Joe Jackson (firstname.lastname@example.org)
Sun, 7 Jan 2001 10:54:52 -0500
> But it seems to me that it contradicts what you said in a previous
> post, which is that you can't agree that children and adults can
> interact in
> ways similar to children and children (or adults and adults--not
> specifically stated by me in my earlier posts, but intended).
I'm sorry we misunderstood one other.
What I did disagree with is the statement that a child's will can't be
damaged by adults suggesting activities to them.
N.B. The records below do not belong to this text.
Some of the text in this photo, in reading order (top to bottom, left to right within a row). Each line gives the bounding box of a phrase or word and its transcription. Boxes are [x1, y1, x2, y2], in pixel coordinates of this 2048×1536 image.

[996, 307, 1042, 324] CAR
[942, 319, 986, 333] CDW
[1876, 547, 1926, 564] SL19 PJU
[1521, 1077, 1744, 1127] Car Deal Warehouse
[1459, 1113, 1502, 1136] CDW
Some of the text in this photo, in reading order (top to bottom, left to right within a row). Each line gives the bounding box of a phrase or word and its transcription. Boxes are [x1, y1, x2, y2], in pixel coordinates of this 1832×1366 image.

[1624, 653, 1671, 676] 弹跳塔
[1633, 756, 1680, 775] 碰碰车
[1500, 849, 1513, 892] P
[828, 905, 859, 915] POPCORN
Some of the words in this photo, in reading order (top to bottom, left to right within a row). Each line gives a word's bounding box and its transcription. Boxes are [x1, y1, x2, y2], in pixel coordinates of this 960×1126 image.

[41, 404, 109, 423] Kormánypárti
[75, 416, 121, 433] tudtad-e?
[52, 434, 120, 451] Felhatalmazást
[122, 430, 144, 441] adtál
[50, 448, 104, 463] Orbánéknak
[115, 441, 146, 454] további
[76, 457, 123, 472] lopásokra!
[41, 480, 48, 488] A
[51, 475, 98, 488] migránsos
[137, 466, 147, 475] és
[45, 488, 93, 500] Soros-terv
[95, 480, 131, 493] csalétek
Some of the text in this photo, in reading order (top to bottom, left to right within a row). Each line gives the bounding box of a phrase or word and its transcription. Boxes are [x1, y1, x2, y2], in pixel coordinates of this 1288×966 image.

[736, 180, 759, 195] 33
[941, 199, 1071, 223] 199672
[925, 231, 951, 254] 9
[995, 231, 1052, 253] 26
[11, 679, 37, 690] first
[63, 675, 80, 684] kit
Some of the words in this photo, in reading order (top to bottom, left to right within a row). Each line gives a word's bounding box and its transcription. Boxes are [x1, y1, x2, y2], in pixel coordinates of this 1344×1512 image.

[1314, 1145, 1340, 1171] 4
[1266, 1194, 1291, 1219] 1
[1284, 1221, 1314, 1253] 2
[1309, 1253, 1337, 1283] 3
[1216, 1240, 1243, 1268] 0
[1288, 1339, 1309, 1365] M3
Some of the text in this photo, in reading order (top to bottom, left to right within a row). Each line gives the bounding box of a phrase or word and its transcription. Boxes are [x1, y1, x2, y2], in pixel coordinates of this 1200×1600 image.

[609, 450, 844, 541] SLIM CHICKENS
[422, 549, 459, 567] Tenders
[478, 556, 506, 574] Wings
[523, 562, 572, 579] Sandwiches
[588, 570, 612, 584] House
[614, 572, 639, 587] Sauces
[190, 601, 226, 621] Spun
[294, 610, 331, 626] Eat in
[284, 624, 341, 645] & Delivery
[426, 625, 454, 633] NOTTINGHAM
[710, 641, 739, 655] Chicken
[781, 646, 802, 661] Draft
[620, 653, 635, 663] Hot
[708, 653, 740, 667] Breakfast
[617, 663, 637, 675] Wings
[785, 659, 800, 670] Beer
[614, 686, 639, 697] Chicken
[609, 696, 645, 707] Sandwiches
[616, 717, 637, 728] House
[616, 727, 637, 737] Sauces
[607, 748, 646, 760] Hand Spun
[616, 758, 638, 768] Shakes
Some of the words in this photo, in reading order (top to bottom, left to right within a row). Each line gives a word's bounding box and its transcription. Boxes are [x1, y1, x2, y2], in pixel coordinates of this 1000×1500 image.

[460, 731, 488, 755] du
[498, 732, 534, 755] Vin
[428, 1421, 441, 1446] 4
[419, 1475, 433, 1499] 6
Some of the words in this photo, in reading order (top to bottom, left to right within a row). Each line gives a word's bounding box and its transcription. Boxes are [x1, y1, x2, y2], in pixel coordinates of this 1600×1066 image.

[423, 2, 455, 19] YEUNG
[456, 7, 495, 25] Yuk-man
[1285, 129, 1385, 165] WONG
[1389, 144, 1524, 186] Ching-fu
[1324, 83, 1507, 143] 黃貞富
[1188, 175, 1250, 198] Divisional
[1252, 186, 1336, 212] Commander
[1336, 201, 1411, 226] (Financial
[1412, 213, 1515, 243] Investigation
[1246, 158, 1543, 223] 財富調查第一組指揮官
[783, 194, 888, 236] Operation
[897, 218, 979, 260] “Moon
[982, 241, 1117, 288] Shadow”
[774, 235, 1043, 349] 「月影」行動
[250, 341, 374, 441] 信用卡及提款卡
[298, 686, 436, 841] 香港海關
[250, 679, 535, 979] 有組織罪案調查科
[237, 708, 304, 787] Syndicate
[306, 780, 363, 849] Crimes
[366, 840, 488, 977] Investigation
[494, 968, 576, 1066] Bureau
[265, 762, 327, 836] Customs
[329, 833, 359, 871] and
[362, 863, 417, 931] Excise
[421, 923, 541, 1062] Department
My feeling is that SVS has
proven it can and does.
> -----Original Message-----
> From: email@example.com
> [mailto:firstname.lastname@example.org]On Behalf Of Joe
> Sent: Saturday, January 06, 2001 8:31 PM
> To: email@example.com
> Subject: DSM: RE: RE: RE: RE: Subtle Coercion?
> There is an oft-repeated axiom among much of the folks at various Sudbury
> schools I have been totally fortunate to associate with, that a good
> guideline for finding that "fuzzy line" between leading a child
> and walking
> alongside is: Is what I'm saying to her something I would say to an adult
> casual acquaintance?
> In other words, I would not walk up to an adult that I had known
> for a short
> time and say, "Hey, I noticed you working with a calculator
> yesterday. You
> know, there's this great book on mathematics in the library."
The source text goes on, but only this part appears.